AN: And so there are these two entities, at least in a practical sort of way we can say there are. And so, probably, trying to solve practical entities overflows into the inner state of man and engenders problems there.

K: Sir, that means we are still keeping the outer, the inner, as two separate movements.

AN: Yes, sir, we are, we do.

K: And I feel that is a totally wrong approach.

AN: Yes.

K: The roof does leak, and the world is overpopulated, there is pollution, there are wars – every kind of mischief is going on. And, not being able to solve that, we turn inward, and not being able to solve the inward issues we turn to something outer, still further away from all this.

AN: Yes, sir.

K: Whereas, if we could treat the whole of this existence as one unitary movement then perhaps we would be able to solve all these problems most intelligently and reasonably and in order.

AN: Yes, sir. Yes, sir. It seems that’s what you speak about, sir. Would you mind telling us how these three problems are really one thing?

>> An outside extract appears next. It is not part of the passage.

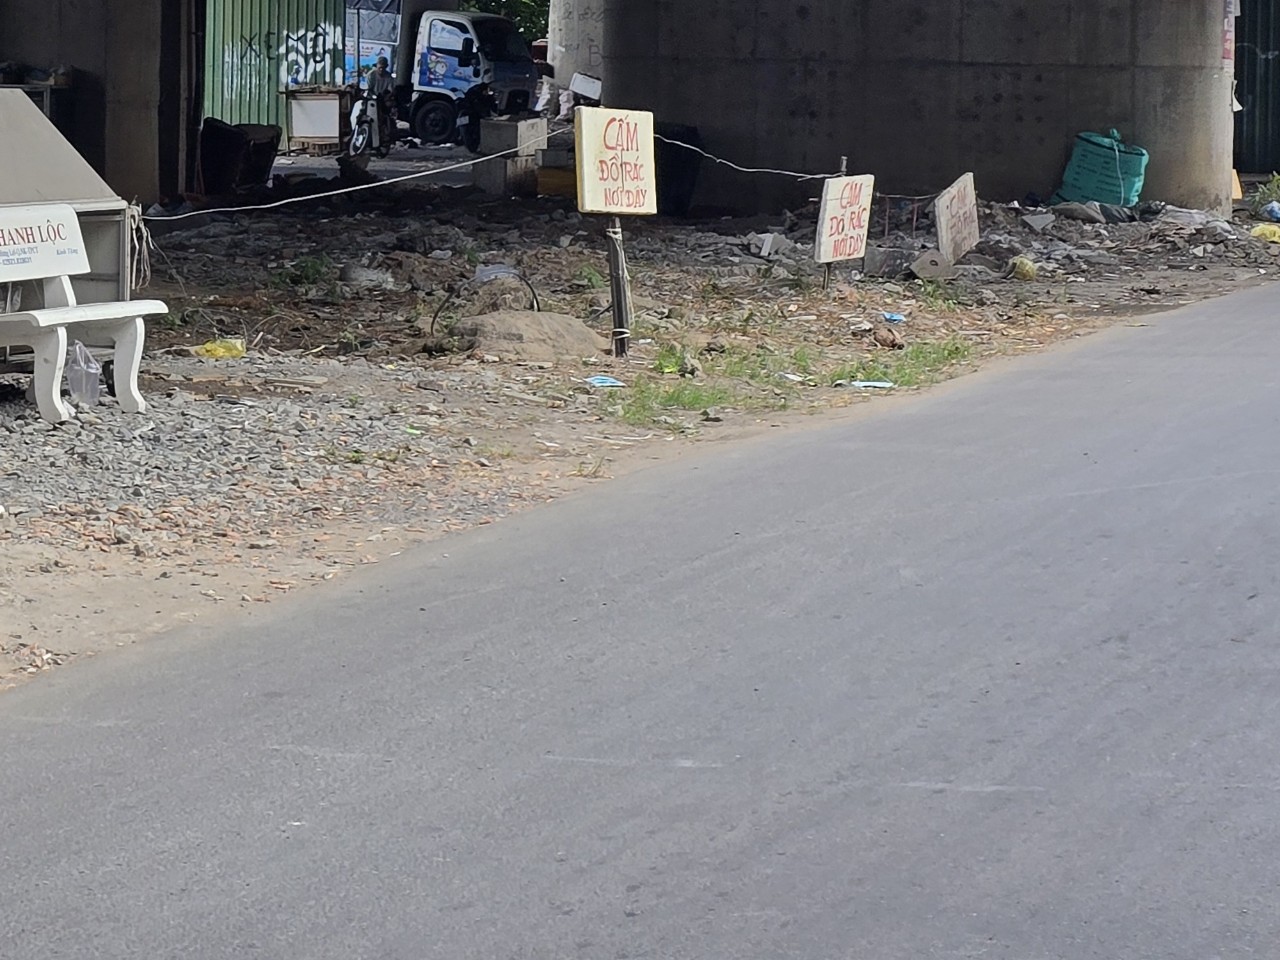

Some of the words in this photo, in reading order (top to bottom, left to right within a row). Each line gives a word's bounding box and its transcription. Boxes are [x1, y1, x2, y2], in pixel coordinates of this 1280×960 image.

[604, 114, 639, 152] CẤM
[623, 155, 645, 182] RÁC
[38, 219, 68, 246] LỘC

K: I am coming to that, sir, I am coming to that. That is, the world outside of me is created by me. Not the tree, not the clouds and the seas and the beauty of the landscape but the human existence in relationship, which is called society, that is created by you and by me.

AN: Yes.

K: So the world is me and me is the world.

AN: Yes, sir.

K: I think that’s the first thing that must be established – not as an intellectual or an abstract fact but an actual feeling, an actual realisation – this fact, not a supposition, not an intellectual concept but as a fact that the world is me and I am the world. The world being the society in which I live, the society with its culture, morality, social inequality – all the chaos that’s going on in society is myself in action.

AN: Yes, sir.

K: And the culture is what I have created, in which I am caught.

AN: Yes, sir.

K: I think that is irrevocable and absolute fact.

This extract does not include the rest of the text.